The night brought together hundreds of New Yorkers for MikeQ's famous House of Vogue Ball dancing battles, where musician FKA Twigs participated as a judge. Guests danced until the morning to special performances from the Bring Down The Walls album and music by MikeQ, Justin Strauss and Qween Beat.

During the day visitors attended a school for radical thought, with workshops and conversations that examined the expansion of punitive and carceral practices beyond prison walls - through policies on immigration, surveillance, drug laws, and bail - and introduced some of the campaigns and organizations focused on dismantling these practices, such as The Fortune Society, The Rikers Debate Project, and Critical Resistance.

IMAGES: Available for download here.
CREDIT: Photos by Mel D. Cole for Creative Time.

For more information on daytime programs and nighttime lineups, visit creativetime.org or call 212-729-3481.

Bring Down The Walls Weekend 2. Photos by Mel D. Cole for Creative Time.

Next weekend, May 19, we will discuss the radical impact of social violence and how vulnerable communities are impacted by the justice system. At night, feminist skate collective Brujas will take over the dance club with local hosts, special performances, and DJs.

FULL PROGRAMMING SCHEDULE

Week 3 | Saturday, May 19
2-9PM | School for Radical Thought: Social Violence
Week 3 at Bring Down The Walls considers the radical impact of social violence and how vulnerable communities are impacted by the justice system. We will unpack the ways in which the effects of the prison industrial complex extends into our everyday lives, and particularly brings pervasive harm to women, people of color, the LGBTQ+ community, and people living with mental health challenges.
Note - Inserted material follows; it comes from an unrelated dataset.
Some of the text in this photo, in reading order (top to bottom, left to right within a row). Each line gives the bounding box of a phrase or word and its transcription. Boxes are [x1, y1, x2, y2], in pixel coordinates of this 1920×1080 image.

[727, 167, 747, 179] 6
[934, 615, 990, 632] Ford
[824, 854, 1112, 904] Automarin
Participants include Survived and Punished, working to end the criminalization of domestic and sexual violence survivors; Five Mualimm-Ak, a human rights and mental health advocate who spent five years in solitary confinement; Critical Resistance, building an international movement to end the prison industrial complex and challenging the belief that caging and controlling people makes us safe; and Black & Pink, an organization of LGBTQ prisoners and "free world" allies who support each other.
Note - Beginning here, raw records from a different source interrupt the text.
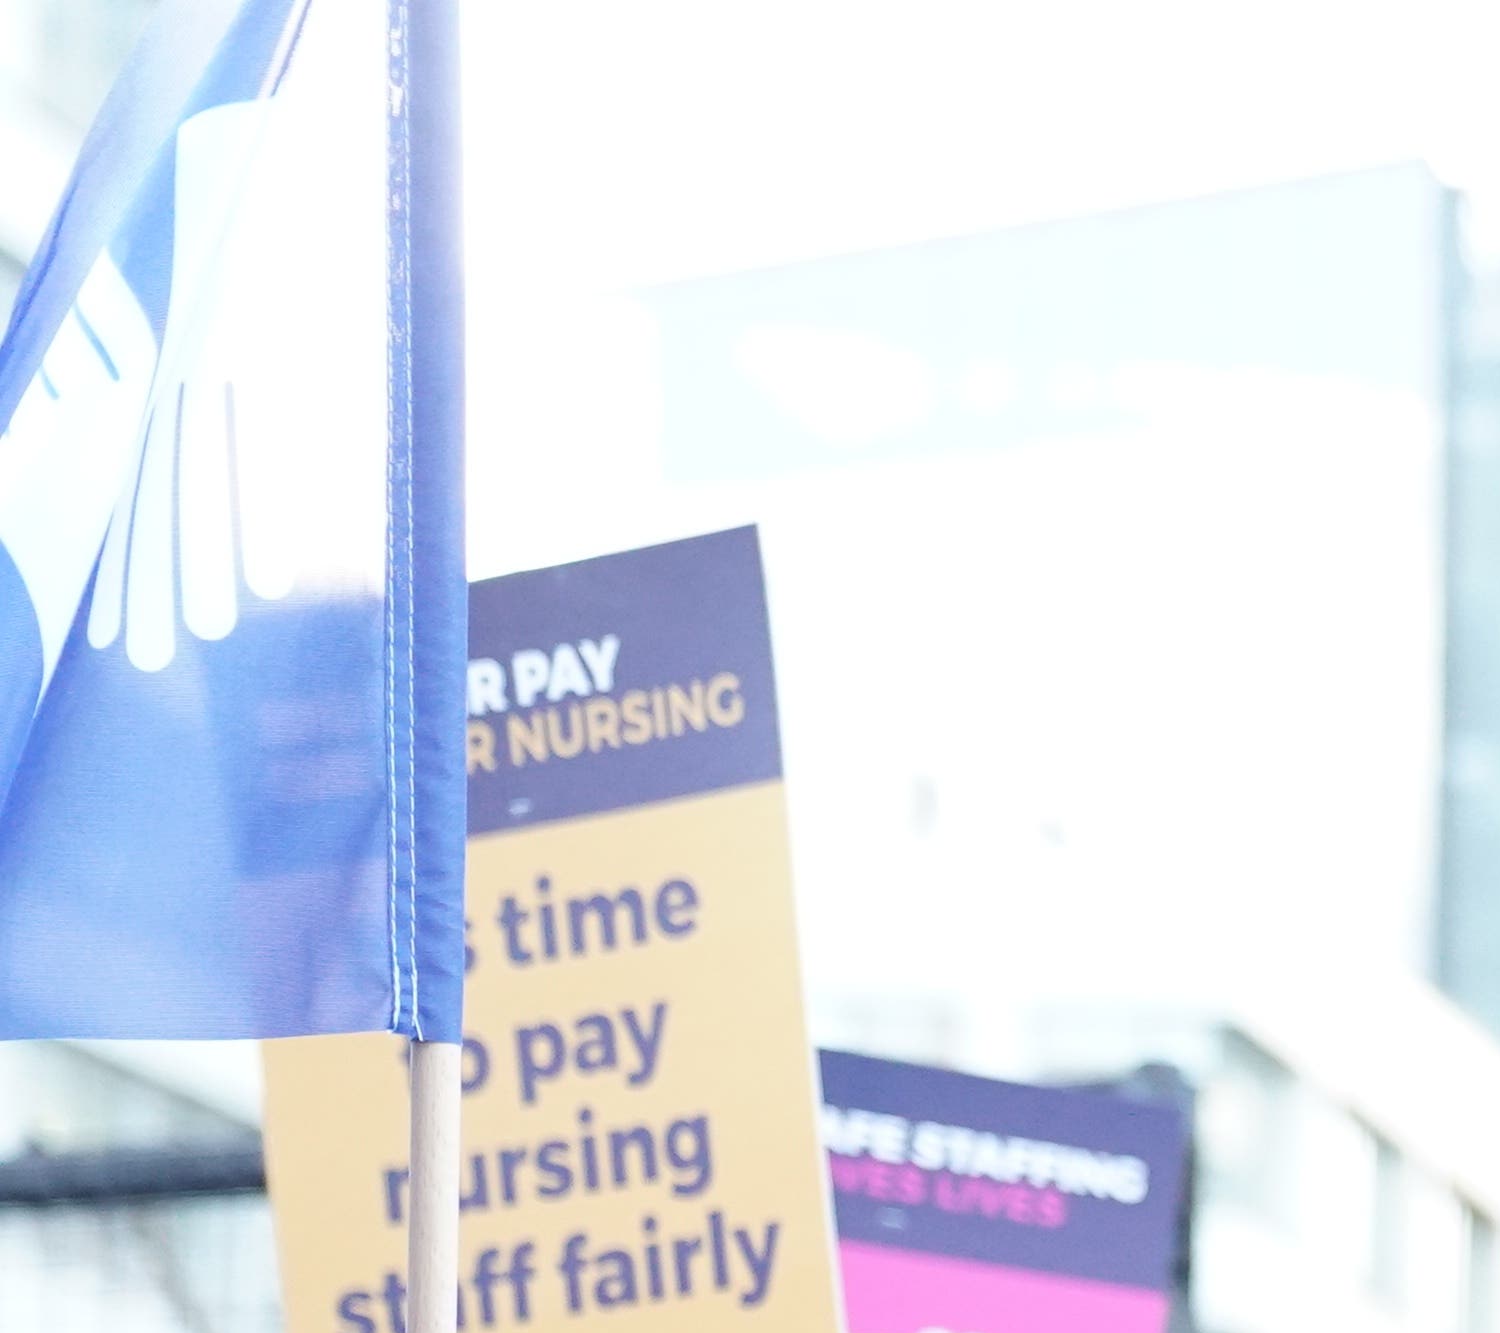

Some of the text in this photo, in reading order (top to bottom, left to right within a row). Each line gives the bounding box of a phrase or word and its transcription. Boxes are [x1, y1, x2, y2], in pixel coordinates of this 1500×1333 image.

[512, 634, 620, 707] PAY
[507, 672, 745, 767] NURSING
[495, 873, 700, 967] time
[514, 1000, 670, 1108] pay
[911, 1119, 1149, 1205] STAFFING
[557, 1208, 781, 1312] fairly
10PM - 6AM | Nightclub: Brujas
Brujas, "a radical collective of activists, skaters, musicians, healers, and hustlers" convenes a night of local hosts, performers and DJs for the third Saturday of Bring Down The Walls. Brujas is an urban, free-form, creative and autonomous organization of born-and-bred New Yorkers that seeks to build radical political coalition through youth culture; expressing community through skateboarding, art and political organizing. The night's lineup is inspired by their new spring collection Seize Bellevue that calls for a compassionate and radical reconception of one of our more insidious carceral institutions - the pharmaceutical industry and mental health crisis system.

Week 4 | Saturday, May 26
2-9PM | School for Radical Thought: Radical Futures
On our final weekend, the conversation at Bring Down The Walls looks toward the future, inviting participants to boldly imagine a society without prisons. We will propose visionary ways of evolving beyond punitive justice, and consider the most forward thinking approaches to achieving real change.

Participants include the Bronx Freedom Fund, a revolving fund to pay bail for people accused of misdemeanors; Common Justice, fostering racial equity and identifying new solutions beyond the spectrum of incarceration; and Rise and Resist, a direct action group committed to opposing, disrupting, and defeating any government act that threatens democracy, equality, and civil liberties.
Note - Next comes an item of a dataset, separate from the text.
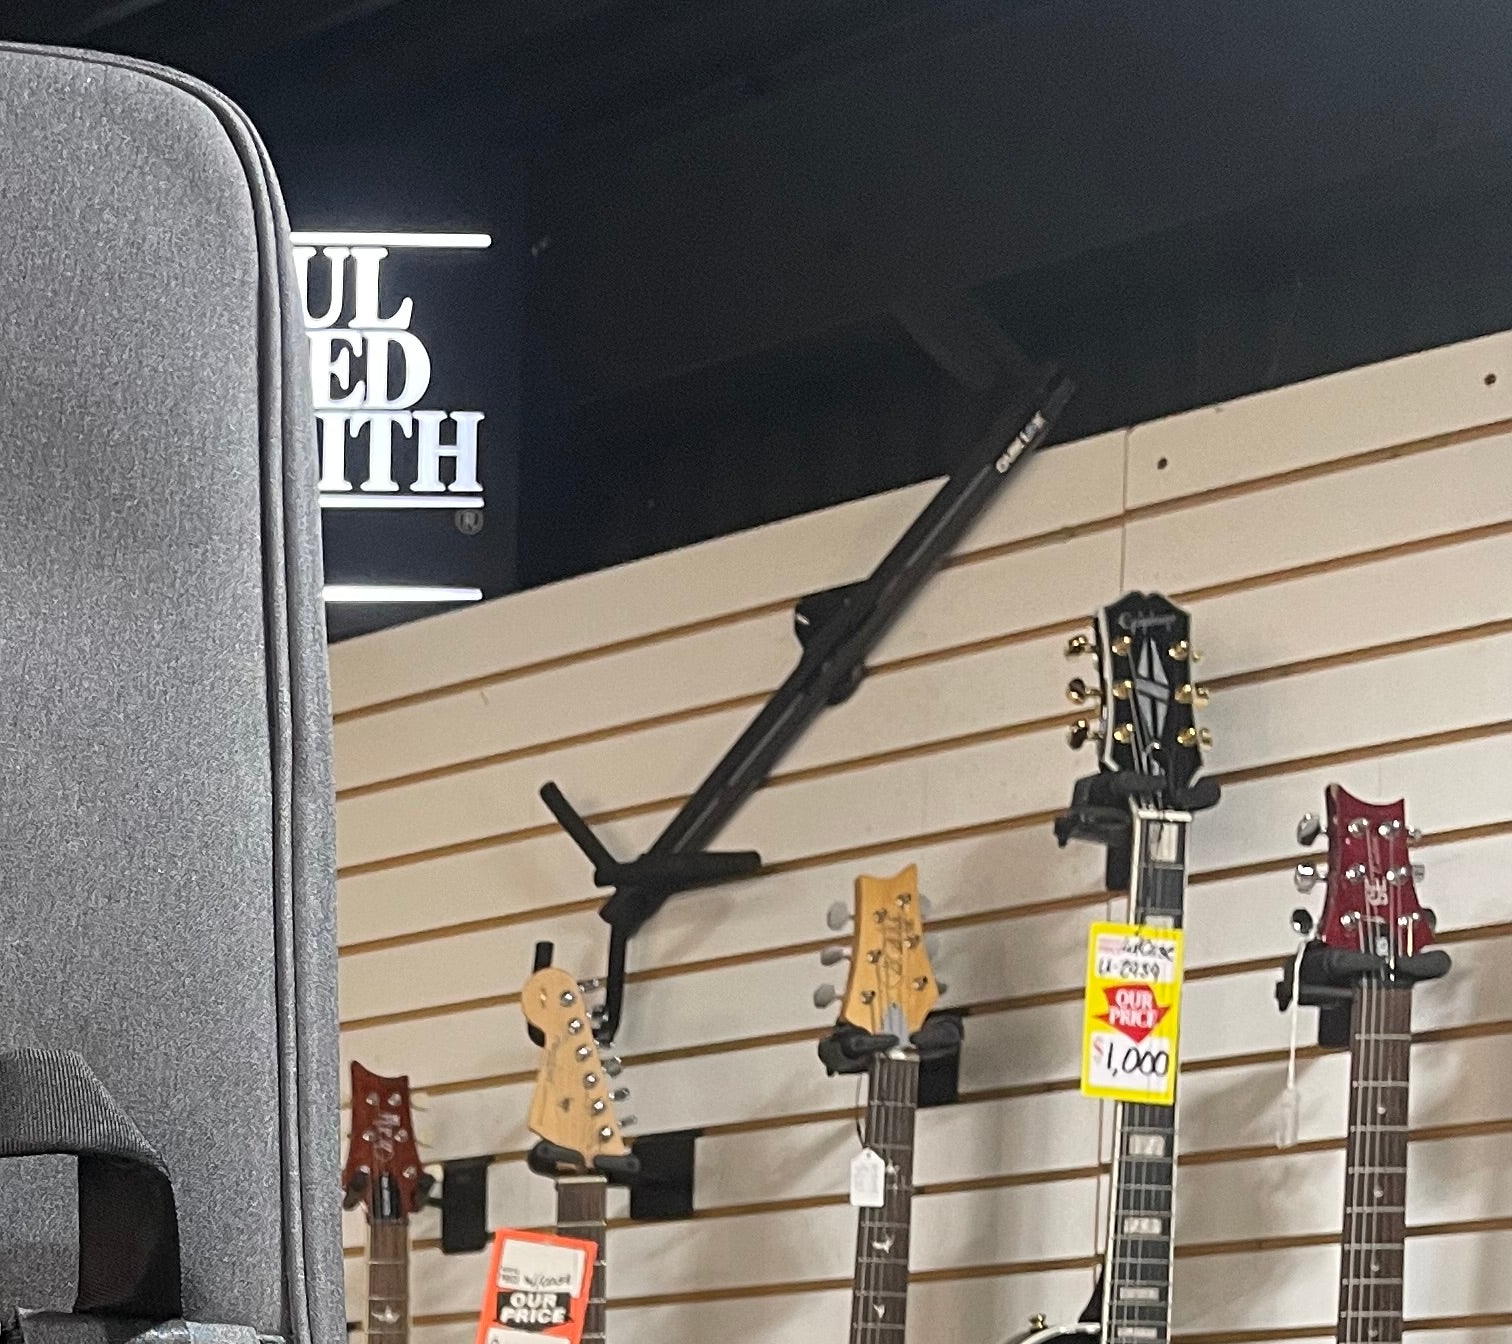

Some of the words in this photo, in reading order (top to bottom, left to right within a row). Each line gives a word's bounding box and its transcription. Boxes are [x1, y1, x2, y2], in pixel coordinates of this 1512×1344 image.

10PM - 6AM | Nightclub: Papi Juice
Closing out Bring Down The Walls with an all night bash is Papi Juice, an art collective composed of DJ/producers Oscar Nñ and Adam Rhodes, and illustrator Mohammed Fayaz, that aims to celebrate the lives of queer and trans people of color. Structured around curated events, Papi Juice lives at the intersection of art, music, and nightlife. For the past five years, the collective has been changing the face of nightlife in New York City and beyond with intentional platforms for artists of color including panels, artist residencies, performances, and, of course, fabled DJ sets and legendary parties.

ABOUT THE PROJECT
Bring Down The Walls pulls into focus the dichotomy between the sense of freedom, unity and joy ingrained in house music, and the punitive control and violence-physical, mental and emotional-perpetuated by the U.S. prison system. Set up as a deeply collaborative framework defined by the impulse to meet, listen and cultivate more comprehensive knowledge about mass incarceration, the project is inspired by the ethos of early house music venues, which often functioned as hubs of political engagement as much as spaces of personal liberation and collective transcendence.

At the heart of Bring Down The Walls is the pairing of knowledge built from research with that which has been gained by experience, including a wide range of views and a focus on prison abolition. Daytime programs will be primarily led by people who have experienced the system and those working to change it, drawing powerful new connections on the issues and campaigns around decarceration, immigrant rights, ending cash bail, closing jails and prisons, and improving reentry. By night, this communal space will also convene DJs, musicians, performers, and other influential contributors to New York City's current club scene, acknowledging the history of nightlife as a haven of abandon and temporary relief in which divisions of race, class, gender, and sexuality are often crossed in unexpected ways.

The unusual connection between house music and incarceration comes from years in which Collins worked with men serving long-term sentences at Sing Sing in New York. Structured around the formation of an unofficial band, sessions repeatedly turned to a canon of dance floor anthems, which were a formative influence for both the band members and Phil. Deepening this personal connection is the historical context, as in 1980s the exponential rise of mass incarceration in the U.S. coincided with the emergence of a new dance sound coming out of the communities disproportionately targeted by regressive criminal justice policies. This experimental electronic music soon took over downtown Chicago, Detroit, New York, and Manchester in England, where Collins grew up, as well as, in quick succession, the rest of the world.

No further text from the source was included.